What you have to do: With the pictures removed, the data below must be transcribed in full and exactly.

(Record excerpts begins)

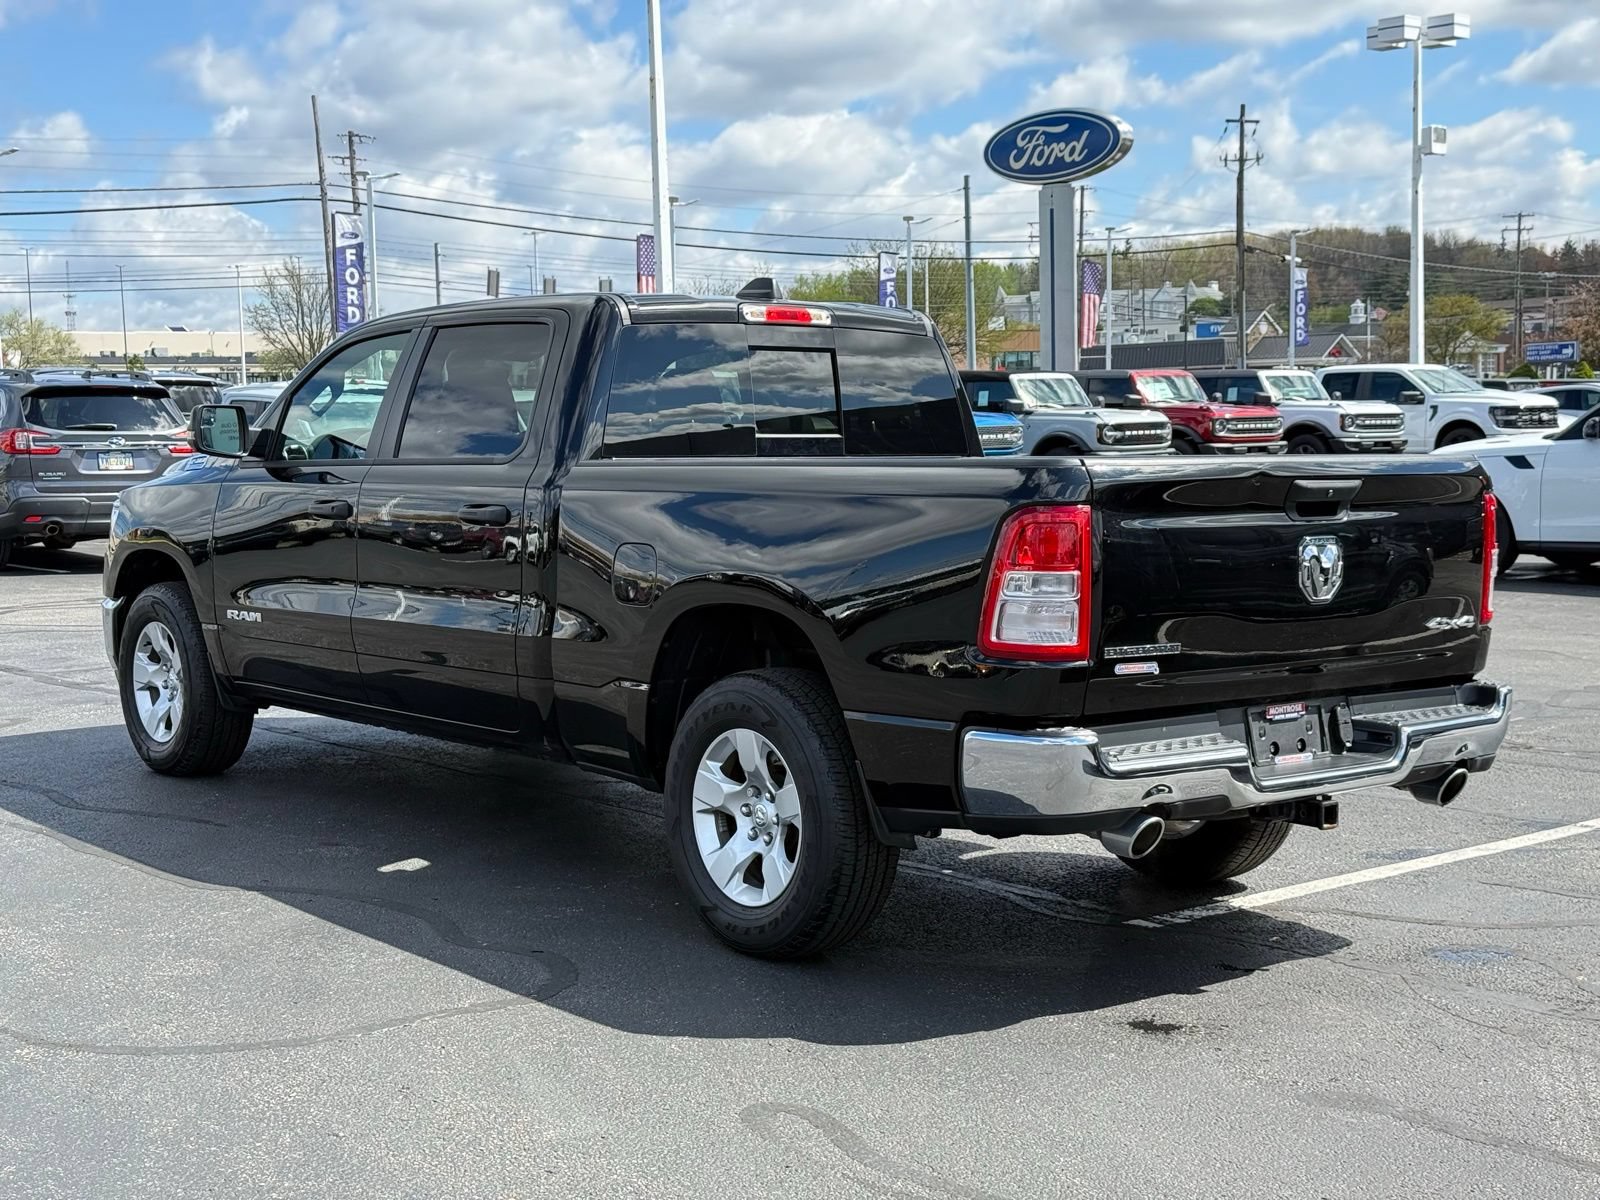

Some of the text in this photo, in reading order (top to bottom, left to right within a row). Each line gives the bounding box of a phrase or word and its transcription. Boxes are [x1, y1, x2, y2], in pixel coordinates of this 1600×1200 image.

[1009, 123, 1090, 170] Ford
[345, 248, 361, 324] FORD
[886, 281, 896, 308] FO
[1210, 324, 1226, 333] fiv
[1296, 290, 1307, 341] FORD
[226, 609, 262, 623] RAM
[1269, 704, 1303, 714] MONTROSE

(Record excerpts ends)

Exercise solution:
Some of the text in this photo, in reading order (top to bottom, left to right within a row). Each line gives the bounding box of a phrase or word and its transcription. Boxes are [x1, y1, x2, y2], in pixel coordinates of this 1600×1200 image.

[1009, 123, 1090, 170] Ford
[345, 248, 361, 324] FORD
[886, 281, 896, 308] FO
[1210, 324, 1226, 333] fiv
[1296, 290, 1307, 341] FORD
[226, 609, 262, 623] RAM
[1269, 704, 1303, 714] MONTROSE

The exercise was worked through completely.